------ Given entries

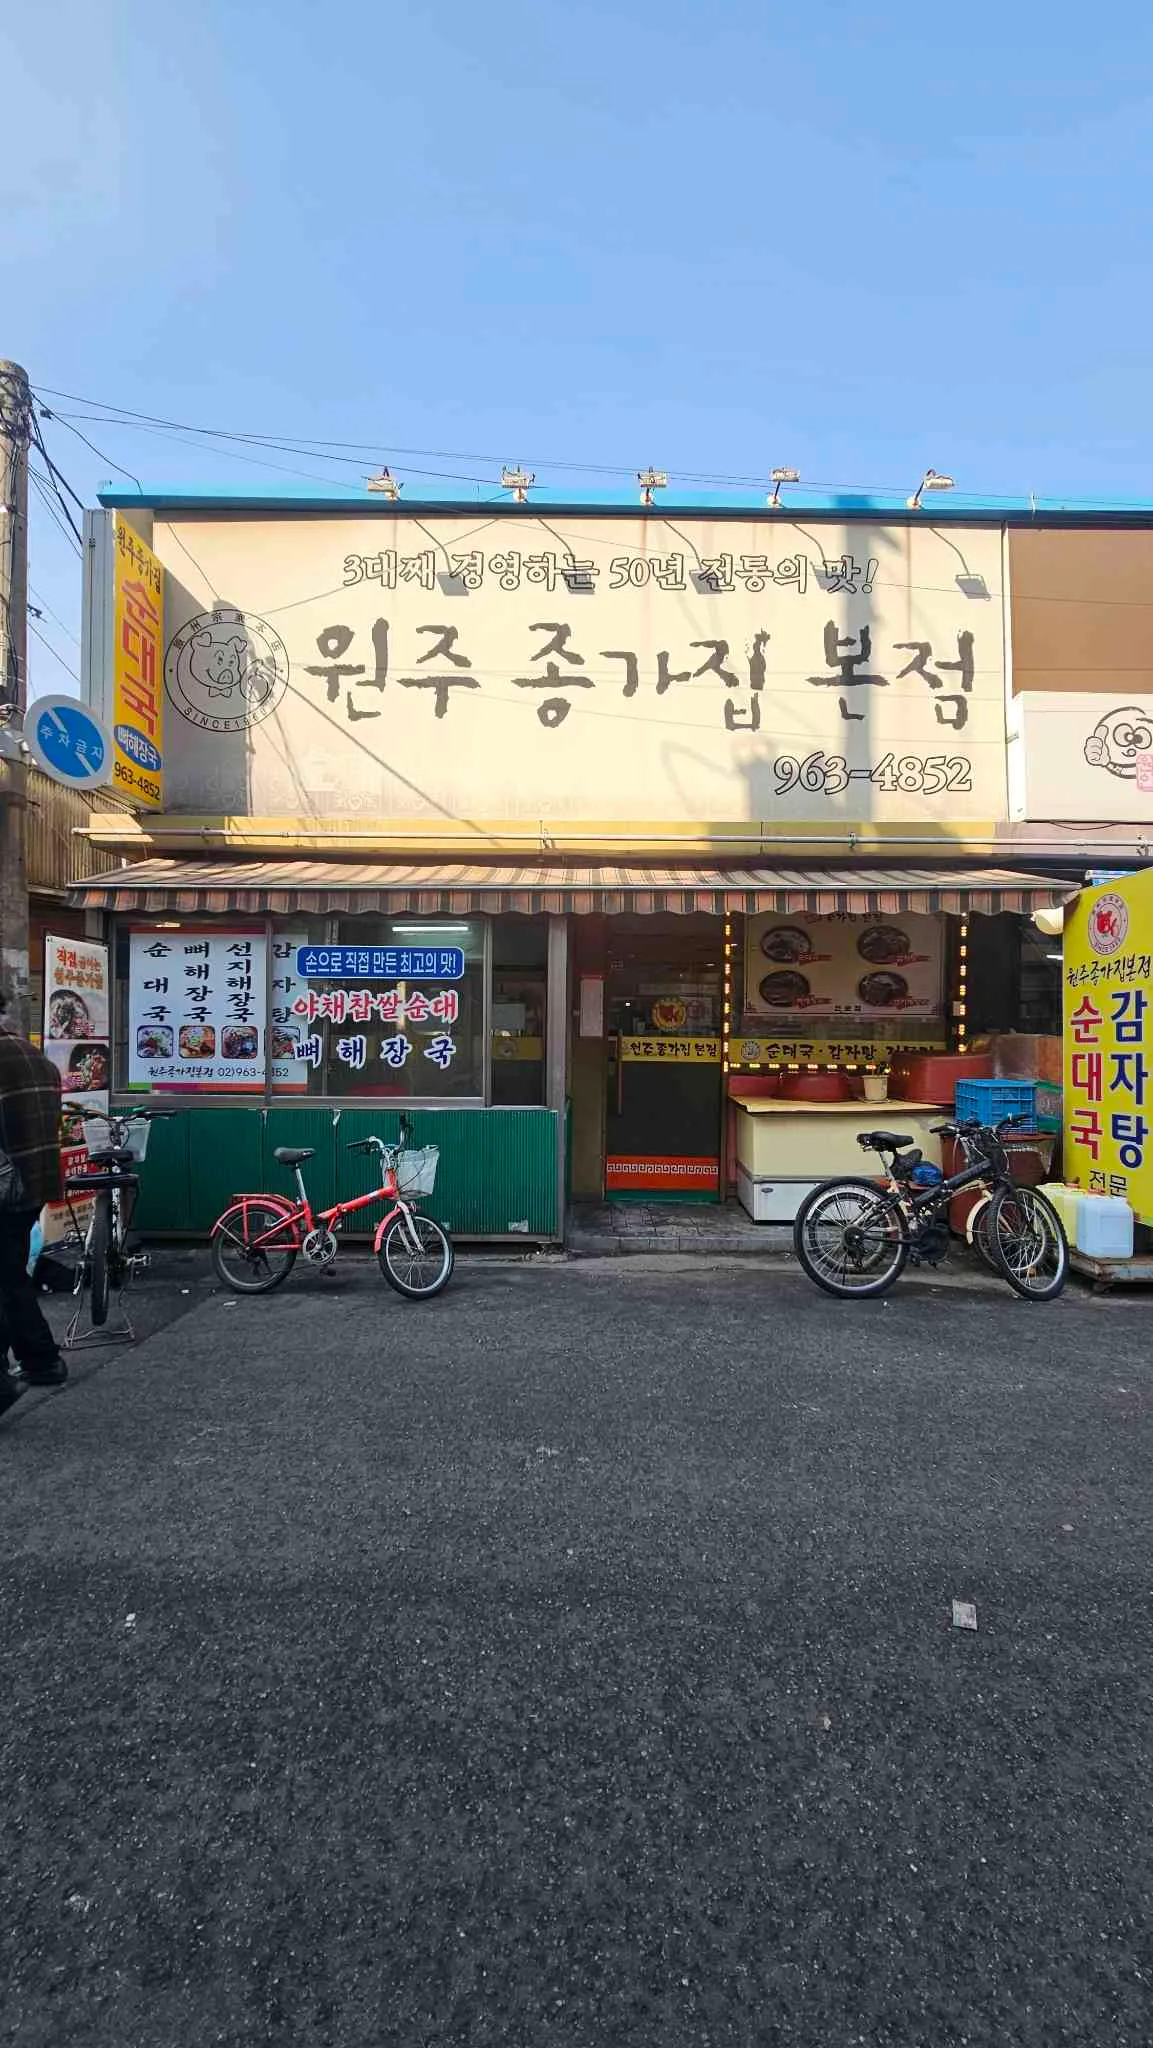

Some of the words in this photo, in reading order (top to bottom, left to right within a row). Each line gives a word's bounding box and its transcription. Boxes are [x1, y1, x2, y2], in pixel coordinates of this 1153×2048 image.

[343, 550, 435, 590] 3대째
[449, 551, 599, 592] 경영하는
[609, 553, 686, 591] 50년
[700, 553, 808, 593] 전통의
[823, 555, 879, 594] 맛!
[120, 578, 158, 736] 순대국
[304, 617, 481, 722] 원주
[511, 622, 771, 732] 종가집
[805, 620, 975, 730] 본점
[114, 761, 160, 801] 963-4852
[774, 750, 973, 795] 963-4852
[143, 942, 172, 1023] 순대국
[183, 941, 213, 1023] 뼈해장국
[225, 941, 256, 1023] 선지해장국
[305, 952, 342, 973] 손으로
[345, 952, 369, 973] 직접
[373, 952, 397, 973] 만든
[400, 952, 437, 973] 최고의
[440, 952, 457, 974] 맛!
[1066, 953, 1151, 987] 원주종가집본점
[293, 990, 458, 1022] 야채찹쌀순대
[296, 1036, 457, 1066] 뼈해장국
[630, 1042, 653, 1057] 원주
[656, 1042, 691, 1057] 종가집
[694, 1042, 717, 1057] 본점
[765, 1043, 815, 1060] 순대국
[218, 1067, 289, 1078] 02)963-52
[1071, 995, 1103, 1161] 순대국
[1110, 990, 1149, 1169] 감자탕
[1089, 1170, 1129, 1199] 전문

------------

Please retype the material in full, exactly as it reads, apart from the images.

◆ The answer ◆
Some of the words in this photo, in reading order (top to bottom, left to right within a row). Each line gives a word's bounding box and its transcription. Boxes are [x1, y1, x2, y2], in pixel coordinates of this 1153×2048 image.

[343, 550, 435, 590] 3대째
[449, 551, 599, 592] 경영하는
[609, 553, 686, 591] 50년
[700, 553, 808, 593] 전통의
[823, 555, 879, 594] 맛!
[120, 578, 158, 736] 순대국
[304, 617, 481, 722] 원주
[511, 622, 771, 732] 종가집
[805, 620, 975, 730] 본점
[114, 761, 160, 801] 963-4852
[774, 750, 973, 795] 963-4852
[143, 942, 172, 1023] 순대국
[183, 941, 213, 1023] 뼈해장국
[225, 941, 256, 1023] 선지해장국
[305, 952, 342, 973] 손으로
[345, 952, 369, 973] 직접
[373, 952, 397, 973] 만든
[400, 952, 437, 973] 최고의
[440, 952, 457, 974] 맛!
[1066, 953, 1151, 987] 원주종가집본점
[293, 990, 458, 1022] 야채찹쌀순대
[296, 1036, 457, 1066] 뼈해장국
[630, 1042, 653, 1057] 원주
[656, 1042, 691, 1057] 종가집
[694, 1042, 717, 1057] 본점
[765, 1043, 815, 1060] 순대국
[218, 1067, 289, 1078] 02)963-52
[1071, 995, 1103, 1161] 순대국
[1110, 990, 1149, 1169] 감자탕
[1089, 1170, 1129, 1199] 전문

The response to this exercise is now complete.